* **DATA SUPPLIED**
+++++
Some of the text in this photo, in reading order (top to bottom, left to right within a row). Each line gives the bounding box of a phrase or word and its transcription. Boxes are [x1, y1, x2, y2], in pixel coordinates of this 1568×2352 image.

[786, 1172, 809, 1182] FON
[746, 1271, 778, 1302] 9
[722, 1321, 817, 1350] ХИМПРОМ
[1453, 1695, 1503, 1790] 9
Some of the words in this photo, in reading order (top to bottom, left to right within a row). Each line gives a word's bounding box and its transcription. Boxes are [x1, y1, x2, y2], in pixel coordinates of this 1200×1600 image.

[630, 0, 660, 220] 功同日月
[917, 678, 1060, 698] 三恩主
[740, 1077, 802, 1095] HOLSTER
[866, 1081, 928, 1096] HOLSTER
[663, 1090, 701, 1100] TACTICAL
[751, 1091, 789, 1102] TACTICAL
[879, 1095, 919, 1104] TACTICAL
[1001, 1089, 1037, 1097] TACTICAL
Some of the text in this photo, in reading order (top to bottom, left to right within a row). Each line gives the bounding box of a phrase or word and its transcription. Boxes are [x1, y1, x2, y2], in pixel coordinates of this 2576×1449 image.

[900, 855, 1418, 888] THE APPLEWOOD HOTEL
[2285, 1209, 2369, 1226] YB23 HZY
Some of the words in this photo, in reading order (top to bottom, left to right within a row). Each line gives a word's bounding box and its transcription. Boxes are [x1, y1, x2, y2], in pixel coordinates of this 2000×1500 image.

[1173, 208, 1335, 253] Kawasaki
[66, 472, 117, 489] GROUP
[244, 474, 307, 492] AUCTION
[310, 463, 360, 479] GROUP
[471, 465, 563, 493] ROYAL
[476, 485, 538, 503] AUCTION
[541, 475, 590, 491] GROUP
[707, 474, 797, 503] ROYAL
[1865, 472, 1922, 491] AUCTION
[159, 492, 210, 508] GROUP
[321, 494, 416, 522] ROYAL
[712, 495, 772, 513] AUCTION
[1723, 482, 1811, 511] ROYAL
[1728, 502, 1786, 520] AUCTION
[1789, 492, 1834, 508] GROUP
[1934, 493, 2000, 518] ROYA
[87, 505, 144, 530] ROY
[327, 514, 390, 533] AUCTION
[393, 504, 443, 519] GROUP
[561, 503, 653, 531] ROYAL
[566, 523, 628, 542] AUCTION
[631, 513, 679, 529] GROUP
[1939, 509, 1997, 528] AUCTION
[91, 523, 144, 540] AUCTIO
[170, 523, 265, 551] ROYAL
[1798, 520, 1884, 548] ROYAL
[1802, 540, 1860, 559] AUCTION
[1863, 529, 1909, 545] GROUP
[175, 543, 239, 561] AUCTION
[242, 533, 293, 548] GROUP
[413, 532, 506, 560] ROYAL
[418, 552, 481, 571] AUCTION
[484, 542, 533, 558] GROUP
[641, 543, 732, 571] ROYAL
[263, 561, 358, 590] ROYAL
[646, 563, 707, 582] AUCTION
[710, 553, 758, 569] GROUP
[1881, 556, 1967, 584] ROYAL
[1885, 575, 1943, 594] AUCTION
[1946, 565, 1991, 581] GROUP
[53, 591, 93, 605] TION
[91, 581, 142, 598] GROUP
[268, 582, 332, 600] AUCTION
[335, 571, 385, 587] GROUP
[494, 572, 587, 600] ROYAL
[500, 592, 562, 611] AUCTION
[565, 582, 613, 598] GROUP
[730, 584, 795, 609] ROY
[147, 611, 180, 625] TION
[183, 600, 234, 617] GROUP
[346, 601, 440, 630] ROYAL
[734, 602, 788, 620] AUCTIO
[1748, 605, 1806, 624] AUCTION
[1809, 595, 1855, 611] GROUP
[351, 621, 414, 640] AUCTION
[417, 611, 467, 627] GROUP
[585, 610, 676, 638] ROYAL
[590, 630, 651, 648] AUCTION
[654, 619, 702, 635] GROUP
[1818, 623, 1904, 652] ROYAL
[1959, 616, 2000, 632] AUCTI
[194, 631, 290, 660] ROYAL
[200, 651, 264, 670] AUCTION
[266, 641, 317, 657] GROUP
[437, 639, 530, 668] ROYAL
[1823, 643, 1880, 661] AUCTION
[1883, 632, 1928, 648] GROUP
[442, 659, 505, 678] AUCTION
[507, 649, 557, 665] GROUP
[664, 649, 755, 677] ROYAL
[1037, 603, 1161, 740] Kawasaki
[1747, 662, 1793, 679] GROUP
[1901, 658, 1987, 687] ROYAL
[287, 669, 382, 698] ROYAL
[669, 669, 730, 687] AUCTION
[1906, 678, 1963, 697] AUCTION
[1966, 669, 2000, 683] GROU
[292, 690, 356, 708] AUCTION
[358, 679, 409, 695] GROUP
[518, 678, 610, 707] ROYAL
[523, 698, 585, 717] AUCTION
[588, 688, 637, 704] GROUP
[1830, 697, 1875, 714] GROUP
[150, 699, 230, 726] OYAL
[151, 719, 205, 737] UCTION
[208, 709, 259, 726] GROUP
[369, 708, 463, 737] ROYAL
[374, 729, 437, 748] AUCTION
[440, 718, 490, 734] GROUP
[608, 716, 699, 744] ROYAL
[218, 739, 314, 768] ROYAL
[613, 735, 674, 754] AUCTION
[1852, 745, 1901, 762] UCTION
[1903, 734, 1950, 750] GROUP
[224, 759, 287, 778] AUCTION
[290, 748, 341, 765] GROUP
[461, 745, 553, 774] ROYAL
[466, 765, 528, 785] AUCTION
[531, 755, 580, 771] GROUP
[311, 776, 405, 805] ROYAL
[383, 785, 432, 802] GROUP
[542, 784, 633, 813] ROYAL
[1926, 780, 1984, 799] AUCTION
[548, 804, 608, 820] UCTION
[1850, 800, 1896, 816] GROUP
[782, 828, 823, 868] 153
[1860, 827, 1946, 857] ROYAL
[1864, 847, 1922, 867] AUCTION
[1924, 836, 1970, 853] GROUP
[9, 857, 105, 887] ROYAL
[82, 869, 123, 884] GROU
+++++
* **EXERCISE DIRECTIONS**
Every line above is to be transcribed exactly, with nothing missed.

* **WRITTEN REPLY**
Some of the text in this photo, in reading order (top to bottom, left to right within a row). Each line gives the bounding box of a phrase or word and its transcription. Boxes are [x1, y1, x2, y2], in pixel coordinates of this 1568×2352 image.

[786, 1172, 809, 1182] FON
[746, 1271, 778, 1302] 9
[722, 1321, 817, 1350] ХИМПРОМ
[1453, 1695, 1503, 1790] 9
Some of the words in this photo, in reading order (top to bottom, left to right within a row). Each line gives a word's bounding box and its transcription. Boxes are [x1, y1, x2, y2], in pixel coordinates of this 1200×1600 image.

[630, 0, 660, 220] 功同日月
[917, 678, 1060, 698] 三恩主
[740, 1077, 802, 1095] HOLSTER
[866, 1081, 928, 1096] HOLSTER
[663, 1090, 701, 1100] TACTICAL
[751, 1091, 789, 1102] TACTICAL
[879, 1095, 919, 1104] TACTICAL
[1001, 1089, 1037, 1097] TACTICAL
Some of the text in this photo, in reading order (top to bottom, left to right within a row). Each line gives the bounding box of a phrase or word and its transcription. Boxes are [x1, y1, x2, y2], in pixel coordinates of this 2576×1449 image.

[900, 855, 1418, 888] THE APPLEWOOD HOTEL
[2285, 1209, 2369, 1226] YB23 HZY
Some of the words in this photo, in reading order (top to bottom, left to right within a row). Each line gives a word's bounding box and its transcription. Boxes are [x1, y1, x2, y2], in pixel coordinates of this 2000×1500 image.

[1173, 208, 1335, 253] Kawasaki
[66, 472, 117, 489] GROUP
[244, 474, 307, 492] AUCTION
[310, 463, 360, 479] GROUP
[471, 465, 563, 493] ROYAL
[476, 485, 538, 503] AUCTION
[541, 475, 590, 491] GROUP
[707, 474, 797, 503] ROYAL
[1865, 472, 1922, 491] AUCTION
[159, 492, 210, 508] GROUP
[321, 494, 416, 522] ROYAL
[712, 495, 772, 513] AUCTION
[1723, 482, 1811, 511] ROYAL
[1728, 502, 1786, 520] AUCTION
[1789, 492, 1834, 508] GROUP
[1934, 493, 2000, 518] ROYA
[87, 505, 144, 530] ROY
[327, 514, 390, 533] AUCTION
[393, 504, 443, 519] GROUP
[561, 503, 653, 531] ROYAL
[566, 523, 628, 542] AUCTION
[631, 513, 679, 529] GROUP
[1939, 509, 1997, 528] AUCTION
[91, 523, 144, 540] AUCTIO
[170, 523, 265, 551] ROYAL
[1798, 520, 1884, 548] ROYAL
[1802, 540, 1860, 559] AUCTION
[1863, 529, 1909, 545] GROUP
[175, 543, 239, 561] AUCTION
[242, 533, 293, 548] GROUP
[413, 532, 506, 560] ROYAL
[418, 552, 481, 571] AUCTION
[484, 542, 533, 558] GROUP
[641, 543, 732, 571] ROYAL
[263, 561, 358, 590] ROYAL
[646, 563, 707, 582] AUCTION
[710, 553, 758, 569] GROUP
[1881, 556, 1967, 584] ROYAL
[1885, 575, 1943, 594] AUCTION
[1946, 565, 1991, 581] GROUP
[53, 591, 93, 605] TION
[91, 581, 142, 598] GROUP
[268, 582, 332, 600] AUCTION
[335, 571, 385, 587] GROUP
[494, 572, 587, 600] ROYAL
[500, 592, 562, 611] AUCTION
[565, 582, 613, 598] GROUP
[730, 584, 795, 609] ROY
[147, 611, 180, 625] TION
[183, 600, 234, 617] GROUP
[346, 601, 440, 630] ROYAL
[734, 602, 788, 620] AUCTIO
[1748, 605, 1806, 624] AUCTION
[1809, 595, 1855, 611] GROUP
[351, 621, 414, 640] AUCTION
[417, 611, 467, 627] GROUP
[585, 610, 676, 638] ROYAL
[590, 630, 651, 648] AUCTION
[654, 619, 702, 635] GROUP
[1818, 623, 1904, 652] ROYAL
[1959, 616, 2000, 632] AUCTI
[194, 631, 290, 660] ROYAL
[200, 651, 264, 670] AUCTION
[266, 641, 317, 657] GROUP
[437, 639, 530, 668] ROYAL
[1823, 643, 1880, 661] AUCTION
[1883, 632, 1928, 648] GROUP
[442, 659, 505, 678] AUCTION
[507, 649, 557, 665] GROUP
[664, 649, 755, 677] ROYAL
[1037, 603, 1161, 740] Kawasaki
[1747, 662, 1793, 679] GROUP
[1901, 658, 1987, 687] ROYAL
[287, 669, 382, 698] ROYAL
[669, 669, 730, 687] AUCTION
[1906, 678, 1963, 697] AUCTION
[1966, 669, 2000, 683] GROU
[292, 690, 356, 708] AUCTION
[358, 679, 409, 695] GROUP
[518, 678, 610, 707] ROYAL
[523, 698, 585, 717] AUCTION
[588, 688, 637, 704] GROUP
[1830, 697, 1875, 714] GROUP
[150, 699, 230, 726] OYAL
[151, 719, 205, 737] UCTION
[208, 709, 259, 726] GROUP
[369, 708, 463, 737] ROYAL
[374, 729, 437, 748] AUCTION
[440, 718, 490, 734] GROUP
[608, 716, 699, 744] ROYAL
[218, 739, 314, 768] ROYAL
[613, 735, 674, 754] AUCTION
[1852, 745, 1901, 762] UCTION
[1903, 734, 1950, 750] GROUP
[224, 759, 287, 778] AUCTION
[290, 748, 341, 765] GROUP
[461, 745, 553, 774] ROYAL
[466, 765, 528, 785] AUCTION
[531, 755, 580, 771] GROUP
[311, 776, 405, 805] ROYAL
[383, 785, 432, 802] GROUP
[542, 784, 633, 813] ROYAL
[1926, 780, 1984, 799] AUCTION
[548, 804, 608, 820] UCTION
[1850, 800, 1896, 816] GROUP
[782, 828, 823, 868] 153
[1860, 827, 1946, 857] ROYAL
[1864, 847, 1922, 867] AUCTION
[1924, 836, 1970, 853] GROUP
[9, 857, 105, 887] ROYAL
[82, 869, 123, 884] GROU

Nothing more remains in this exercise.